Read in light of the recent vote condemning Israel, Grossman’s statement sounds like a criticism of this sort of organizational activism. And the incoming AHA president, Suzanne Marchand, opposed the measure. As Paul points out, though, there’s recent precedent for official AHA statements on foreign affairs. Back in 2022, the organization condemned “in the strongest possible terms Russia’s recent invasion of Ukraine,” for instance. Like a host of college administrators before them, the AHA’s leadership may be discovering too late that a past habit of public statements has left them vulnerable to irreparable schism when it comes to the war in Gaza.
For senior leaders like Grossman, the concern seems to be that weighing in on Gaza, a subject on which the AHA’s opinion is perhaps unlikely to be decisive, will weaken the organization’s influence when it comes to topics over which they have more power. Schuessler quotes from a written version of Grossman’s remarks read at the annual meeting: “We are not a political organization, which is essential if we are to have any standing to provide Congress with briefings on such issues as the histories of deportation, taxation, civil service, and other pressing issues.” To the historian Natalia Mehlman Petrzela, quoted in Schuessler’s article, the AHA’s resolution risks entrenching the image of academics as left-wing ideologues just at the moment when they can least afford it: “This feeds directly into the idea that academics are unapologetically political and are all on board with a pretty far left-wing view of the Israel-Hamas war.”

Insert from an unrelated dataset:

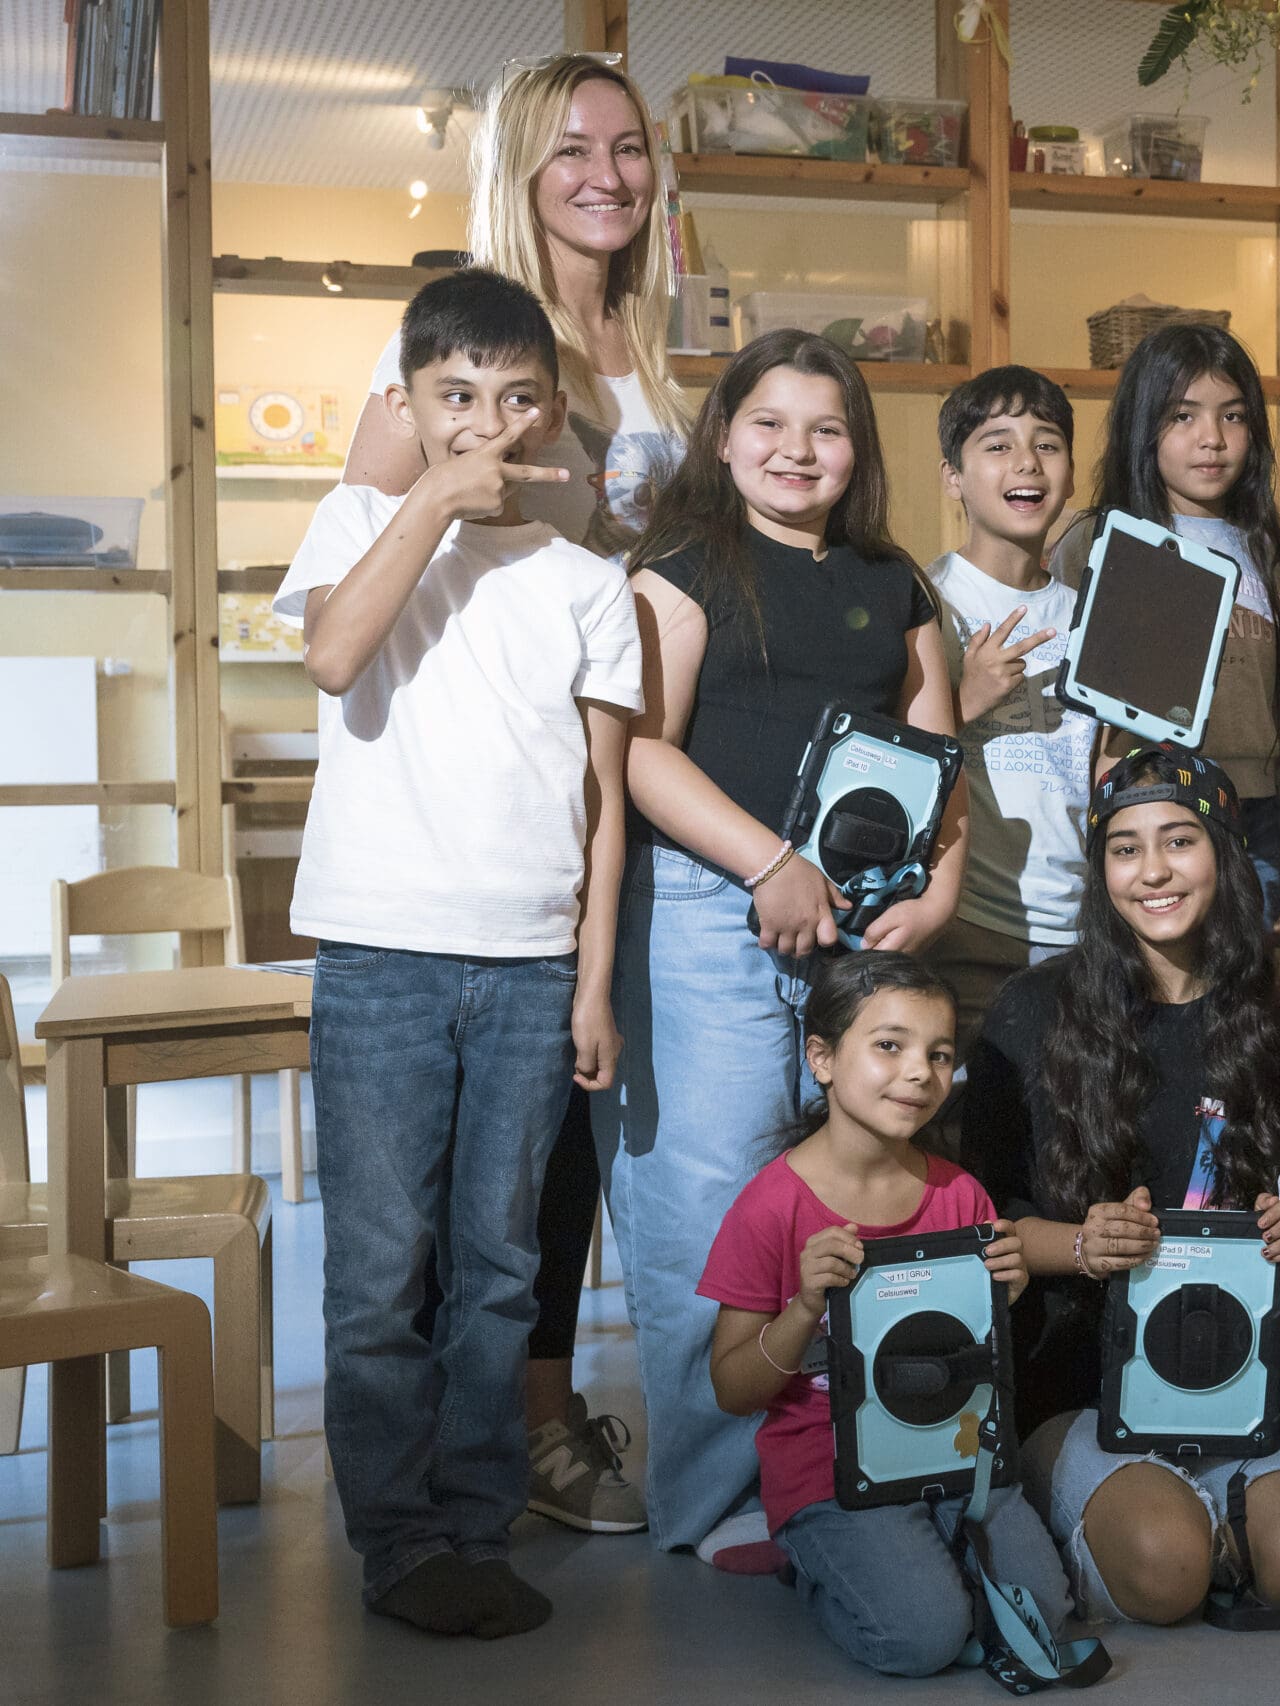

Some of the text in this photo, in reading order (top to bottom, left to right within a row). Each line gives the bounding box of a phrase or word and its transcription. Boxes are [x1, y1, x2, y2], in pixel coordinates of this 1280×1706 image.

[1190, 1246, 1211, 1255] ROSA
[1146, 1260, 1186, 1269] Celsiusweg
[878, 1288, 918, 1298] Celsiusweg

For those in favor of the resolution, the moral urgency of the subject overrides such worries. But their stance is practical, too, or purports to be, hence the task of forming “a committee to assist in rebuilding Gaza’s educational infrastructure.” There’s something quite moving about this quixotic proposal, as if an internally divided and far from wealthy professional organization, one that hasn’t even been able to arrest the contraction of its discipline here at home, could materially assist in healing one of the most devastated regions on earth. It’s easy to laugh at such idealism. But whatever the fate of the larger resolution, should AHA members really devise ways to help rebuild higher education in Gaza, I’m rooting for them.